Problem to solve
Each record has to be returned exactly as it appears.

(Available data)

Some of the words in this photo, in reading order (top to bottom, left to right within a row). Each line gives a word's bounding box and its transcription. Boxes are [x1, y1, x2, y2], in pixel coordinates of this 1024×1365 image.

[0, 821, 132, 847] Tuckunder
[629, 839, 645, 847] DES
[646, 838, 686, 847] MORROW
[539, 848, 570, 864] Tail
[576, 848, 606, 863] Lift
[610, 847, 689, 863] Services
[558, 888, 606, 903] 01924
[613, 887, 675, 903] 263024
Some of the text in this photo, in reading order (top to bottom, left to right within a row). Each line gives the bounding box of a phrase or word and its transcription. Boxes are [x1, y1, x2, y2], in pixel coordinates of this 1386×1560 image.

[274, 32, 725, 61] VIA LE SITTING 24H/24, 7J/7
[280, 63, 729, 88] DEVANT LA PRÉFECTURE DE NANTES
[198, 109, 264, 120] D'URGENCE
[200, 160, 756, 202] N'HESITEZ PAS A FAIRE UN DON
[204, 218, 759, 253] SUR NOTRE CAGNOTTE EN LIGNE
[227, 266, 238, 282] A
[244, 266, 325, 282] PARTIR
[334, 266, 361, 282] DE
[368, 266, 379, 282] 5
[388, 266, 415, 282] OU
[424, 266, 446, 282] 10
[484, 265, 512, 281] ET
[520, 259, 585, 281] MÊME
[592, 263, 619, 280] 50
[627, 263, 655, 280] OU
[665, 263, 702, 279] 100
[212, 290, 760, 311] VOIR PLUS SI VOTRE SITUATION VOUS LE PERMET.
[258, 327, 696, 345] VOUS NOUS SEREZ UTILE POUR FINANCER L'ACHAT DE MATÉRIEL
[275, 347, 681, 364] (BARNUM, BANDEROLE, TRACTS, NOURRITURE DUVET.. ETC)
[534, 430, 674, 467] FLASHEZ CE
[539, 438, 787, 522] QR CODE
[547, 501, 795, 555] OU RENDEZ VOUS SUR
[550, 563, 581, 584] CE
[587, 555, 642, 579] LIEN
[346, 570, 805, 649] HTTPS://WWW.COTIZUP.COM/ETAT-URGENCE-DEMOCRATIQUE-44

(End Available data)

Problem solution
Some of the words in this photo, in reading order (top to bottom, left to right within a row). Each line gives a word's bounding box and its transcription. Boxes are [x1, y1, x2, y2], in pixel coordinates of this 1024×1365 image.

[0, 821, 132, 847] Tuckunder
[629, 839, 645, 847] DES
[646, 838, 686, 847] MORROW
[539, 848, 570, 864] Tail
[576, 848, 606, 863] Lift
[610, 847, 689, 863] Services
[558, 888, 606, 903] 01924
[613, 887, 675, 903] 263024
Some of the text in this photo, in reading order (top to bottom, left to right within a row). Each line gives the bounding box of a phrase or word and its transcription. Boxes are [x1, y1, x2, y2], in pixel coordinates of this 1386×1560 image.

[274, 32, 725, 61] VIA LE SITTING 24H/24, 7J/7
[280, 63, 729, 88] DEVANT LA PRÉFECTURE DE NANTES
[198, 109, 264, 120] D'URGENCE
[200, 160, 756, 202] N'HESITEZ PAS A FAIRE UN DON
[204, 218, 759, 253] SUR NOTRE CAGNOTTE EN LIGNE
[227, 266, 238, 282] A
[244, 266, 325, 282] PARTIR
[334, 266, 361, 282] DE
[368, 266, 379, 282] 5
[388, 266, 415, 282] OU
[424, 266, 446, 282] 10
[484, 265, 512, 281] ET
[520, 259, 585, 281] MÊME
[592, 263, 619, 280] 50
[627, 263, 655, 280] OU
[665, 263, 702, 279] 100
[212, 290, 760, 311] VOIR PLUS SI VOTRE SITUATION VOUS LE PERMET.
[258, 327, 696, 345] VOUS NOUS SEREZ UTILE POUR FINANCER L'ACHAT DE MATÉRIEL
[275, 347, 681, 364] (BARNUM, BANDEROLE, TRACTS, NOURRITURE DUVET.. ETC)
[534, 430, 674, 467] FLASHEZ CE
[539, 438, 787, 522] QR CODE
[547, 501, 795, 555] OU RENDEZ VOUS SUR
[550, 563, 581, 584] CE
[587, 555, 642, 579] LIEN
[346, 570, 805, 649] HTTPS://WWW.COTIZUP.COM/ETAT-URGENCE-DEMOCRATIQUE-44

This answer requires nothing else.